Durk Pearson & Sandy Shaw’s®
Life Extension NewsTM
Volume 14 No. 1 • April 2011

The 2010 Dietary Guidelines
The Latest Dietary Advice From the Government is No Help At All

Good Advice:
Fire the USDA and the HHS
More Good Advice:
Fire the FDA

The “new” Dietary Guidelines for Americans was released January 31, 2011 by the U.S. Dept. of Agriculture (USDA) and the U.S. Dept. of Health and Human Services (HHS) and—surprise, surprise—is not going to help anybody other than the bureaucrats whose salaries and plush benefits (extracted from taxpayers) depend upon their producing dietary advice and pretending it is valuable. Far better to fire these agencies, keep your money, and spend it on a more healthful diet, including expensive fruits and vegetables.

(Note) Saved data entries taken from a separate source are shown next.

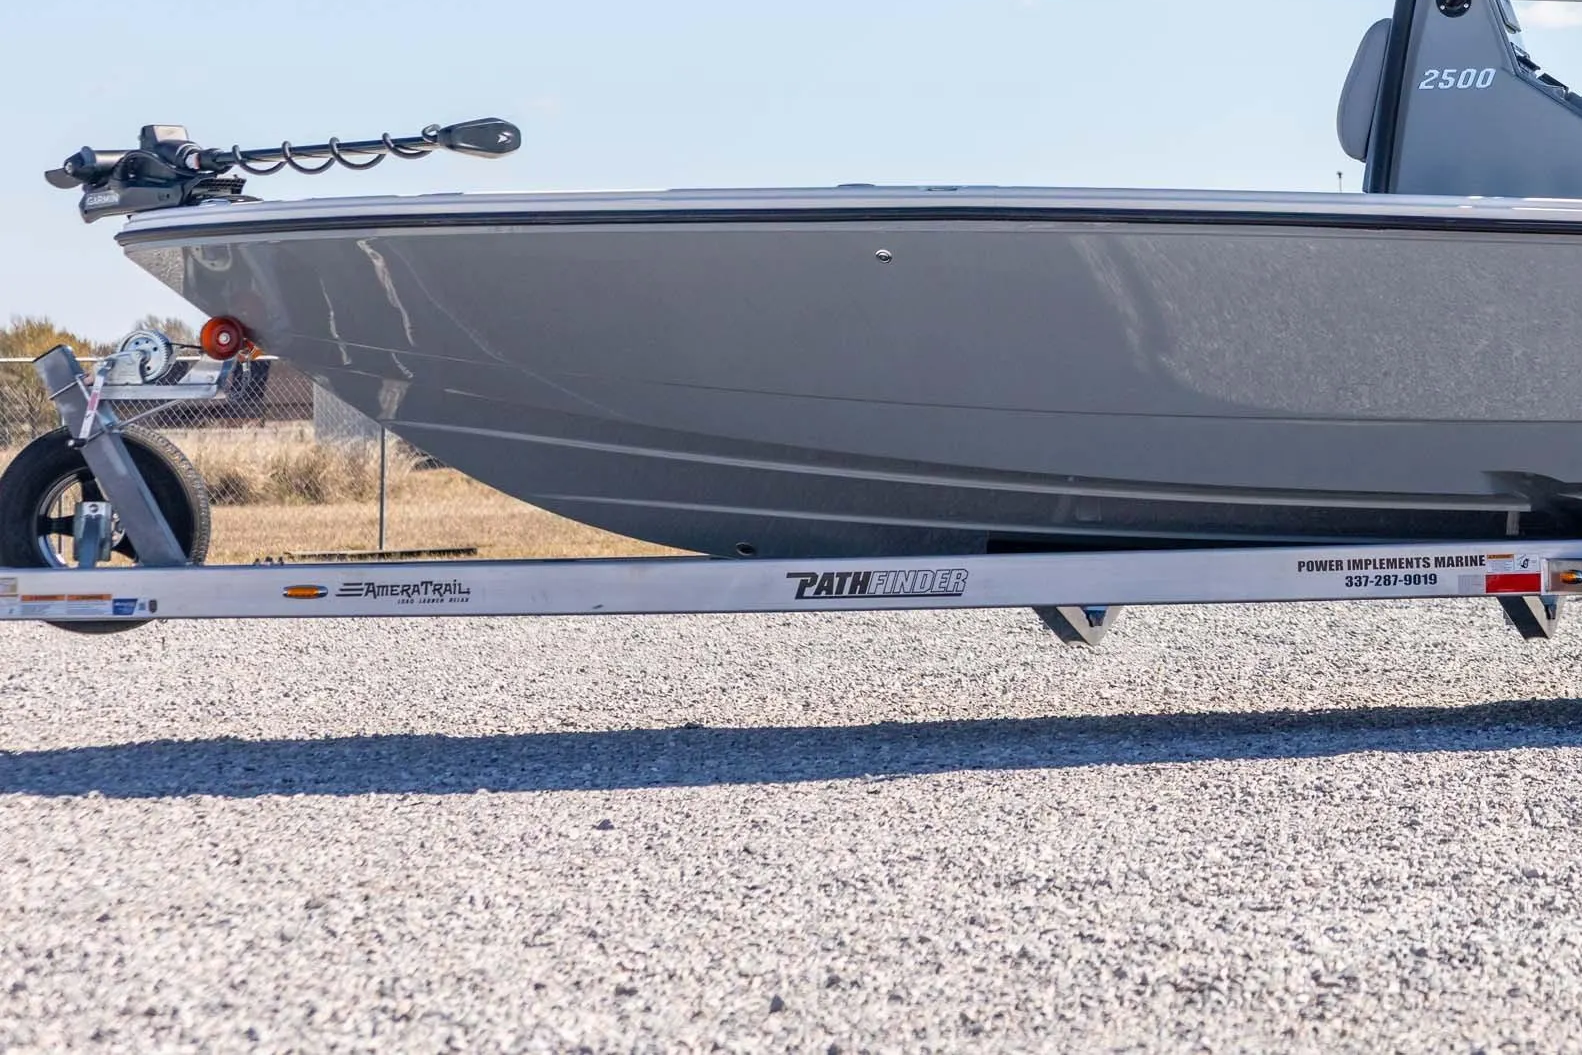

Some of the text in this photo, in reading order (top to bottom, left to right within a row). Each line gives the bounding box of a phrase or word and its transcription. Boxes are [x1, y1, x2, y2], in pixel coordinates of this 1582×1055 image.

[1418, 68, 1497, 90] 2500
[1297, 558, 1344, 573] POWER
[1347, 556, 1431, 572] IMPLEMENTS
[1434, 554, 1487, 569] MARINE
[786, 568, 969, 600] PATHFINDER
[1345, 573, 1438, 588] 337-287-9019

A commentary1 by Dr. Roger Clemens, President-Elect of the Institute for Food Technologists (a professional scientific organization) questioned the feasibility of the guideline “tip” that you should make half the food on your plate fruits and vegetables. He said that “[a] 2006 report from the USDA’s Economic Research Service (based on 2002 data) indicates that an additional 8.9 million acres of cropland are necessary to support the guidelines’ vegetable intake recommendation and about 4.1 million more acres are needed to produce the advised fruit consumption. Independent modeling suggests that by 2015 an additional 10.3 million acres of cropland will be necessary to meet vegetable production needs and an additional 4.2 million acres for fruit production. Thus, total harvestable cropland would need to increase by about 3%,* or nearly 320 million acres, a level equivalent to 1997 acreage. Equally challenging is the production of fluid milk and milk products. The 2002 data suggest an increase of 107.7 billion pounds is needed [to meet the recommendation that Americans consume more low-fat dairy products], equivalent to a 66% increase in the number of dairy cows, feed grains, and grazing acreage.” All of this, of course, in the face of government subsidies for certain crops (soy, wheat, corn) which results in higher prices for these crops and much lower production of unsubsidized crops (farmers follow the money incentives, you know), as well as environmental organizations’ staunch opposition to opening up some of the federal government’s huge land estate (the feds control over 30% of the land area of the United States) to cattle grazing. Moreover, government mandates and subsidies have resulted in 40% of America’s corn crop being used to manufacture fuel ethanol, leaving less for human consumption and animal feed in the U.S. and export to a hungry world.

* It appears to us that this ought to be 30% rather than 3%.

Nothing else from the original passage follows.